The answer must be an exact copy of the records, with every picture left out.

BEGIN Input

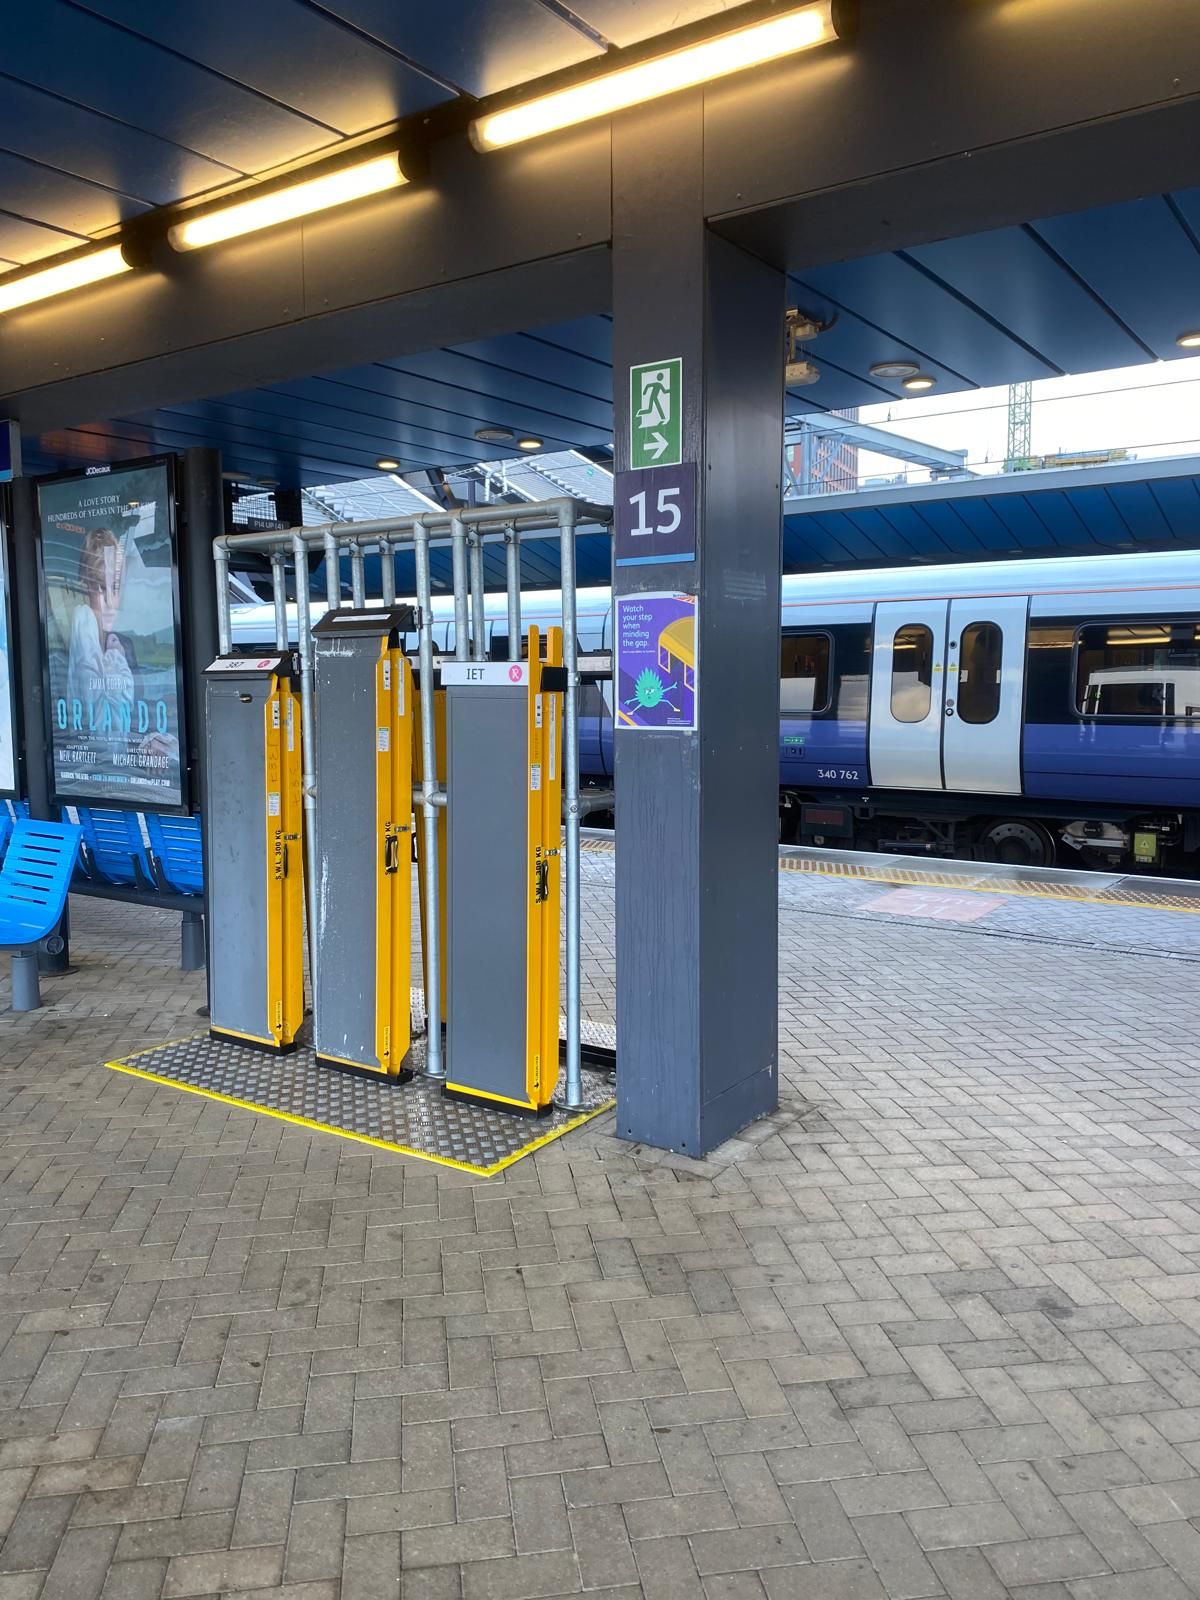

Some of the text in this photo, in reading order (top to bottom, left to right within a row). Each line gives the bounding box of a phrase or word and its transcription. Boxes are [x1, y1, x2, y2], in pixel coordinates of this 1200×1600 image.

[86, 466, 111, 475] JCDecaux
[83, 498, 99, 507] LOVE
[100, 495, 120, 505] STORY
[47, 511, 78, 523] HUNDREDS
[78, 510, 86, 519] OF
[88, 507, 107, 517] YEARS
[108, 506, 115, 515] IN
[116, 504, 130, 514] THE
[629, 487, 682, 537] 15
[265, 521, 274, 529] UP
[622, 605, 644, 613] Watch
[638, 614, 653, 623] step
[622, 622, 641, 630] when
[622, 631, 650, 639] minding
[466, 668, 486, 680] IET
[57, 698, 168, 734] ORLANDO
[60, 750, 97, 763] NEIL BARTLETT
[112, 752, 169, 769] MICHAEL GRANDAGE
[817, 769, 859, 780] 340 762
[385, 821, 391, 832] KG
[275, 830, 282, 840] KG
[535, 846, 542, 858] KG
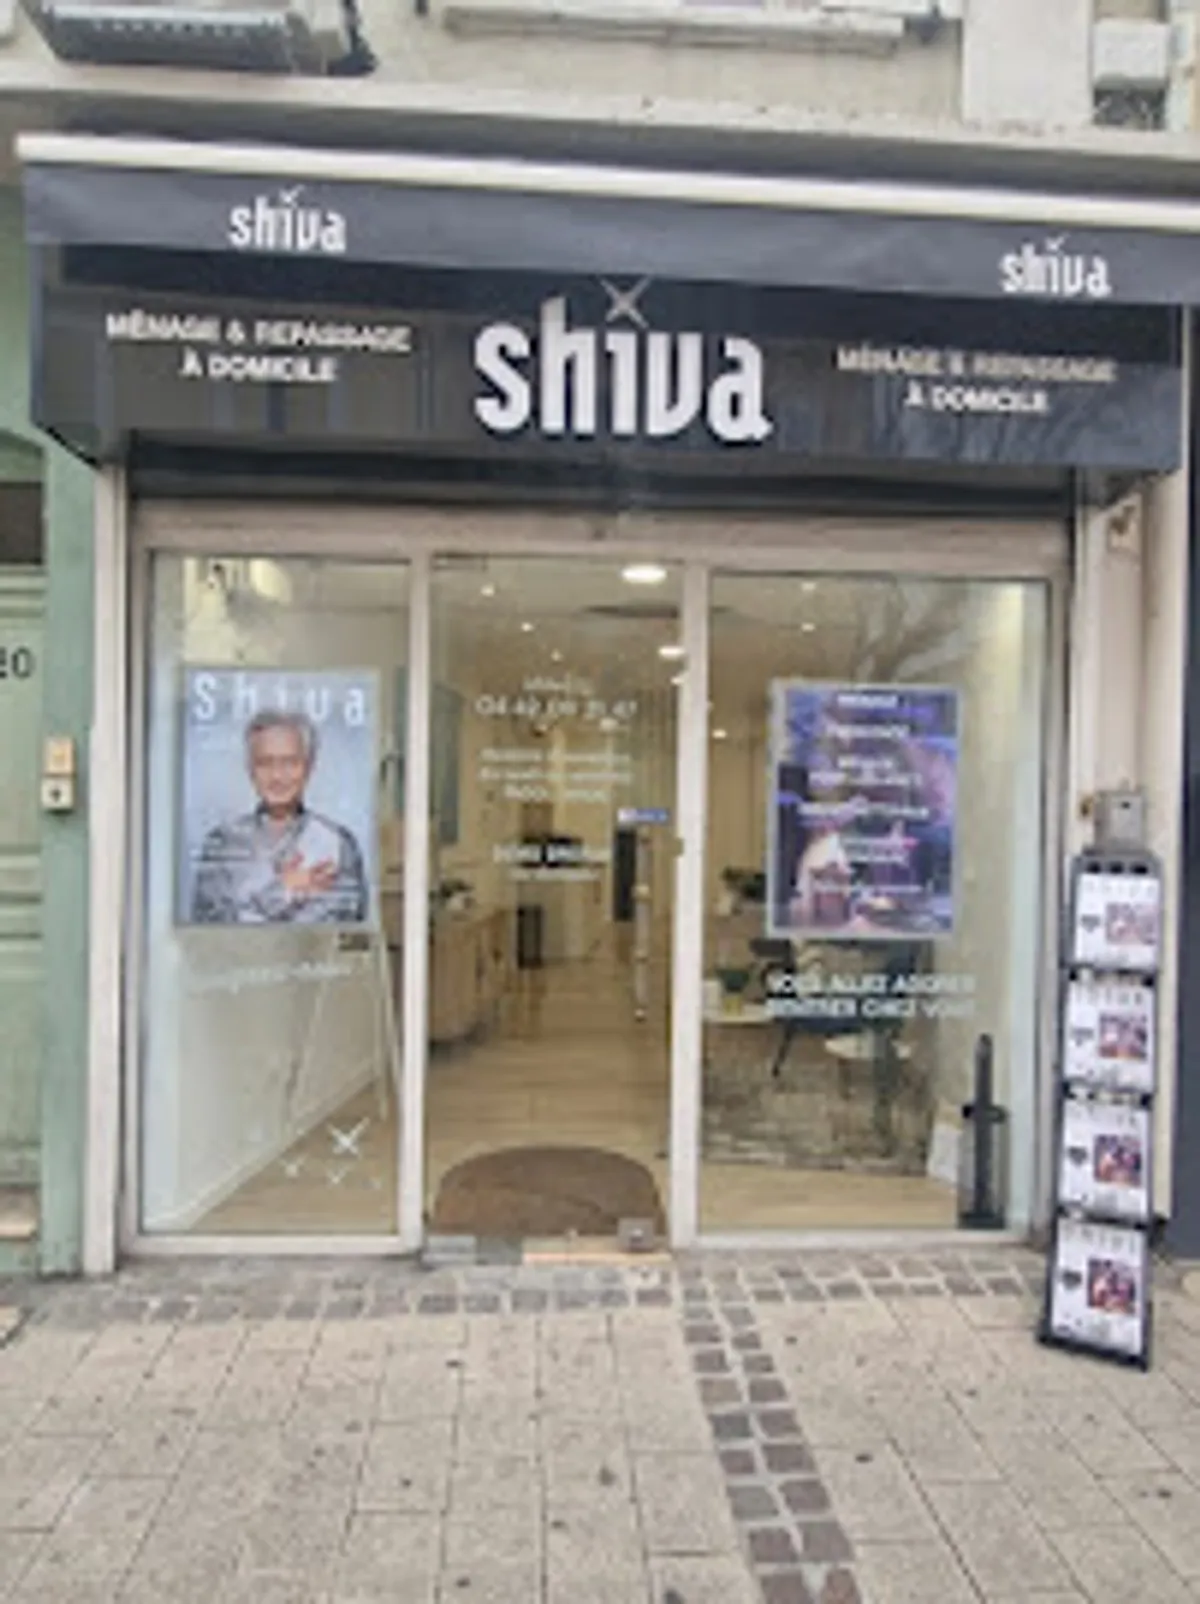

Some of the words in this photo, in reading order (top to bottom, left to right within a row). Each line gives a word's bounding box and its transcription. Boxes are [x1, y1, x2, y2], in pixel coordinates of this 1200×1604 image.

END Input

• Finished task:
Some of the text in this photo, in reading order (top to bottom, left to right within a row). Each line gives the bounding box of a phrase or word and its transcription. Boxes are [x1, y1, x2, y2], in pixel coordinates of this 1200×1600 image.

[86, 466, 111, 475] JCDecaux
[83, 498, 99, 507] LOVE
[100, 495, 120, 505] STORY
[47, 511, 78, 523] HUNDREDS
[78, 510, 86, 519] OF
[88, 507, 107, 517] YEARS
[108, 506, 115, 515] IN
[116, 504, 130, 514] THE
[629, 487, 682, 537] 15
[265, 521, 274, 529] UP
[622, 605, 644, 613] Watch
[638, 614, 653, 623] step
[622, 622, 641, 630] when
[622, 631, 650, 639] minding
[466, 668, 486, 680] IET
[57, 698, 168, 734] ORLANDO
[60, 750, 97, 763] NEIL BARTLETT
[112, 752, 169, 769] MICHAEL GRANDAGE
[817, 769, 859, 780] 340 762
[385, 821, 391, 832] KG
[275, 830, 282, 840] KG
[535, 846, 542, 858] KG

Some of the words in this photo, in reading order (top to bottom, left to right within a row). Each line gives a word's bounding box and its transcription. Boxes are [x1, y1, x2, y2], in pixel coordinates of this 1200×1604 image.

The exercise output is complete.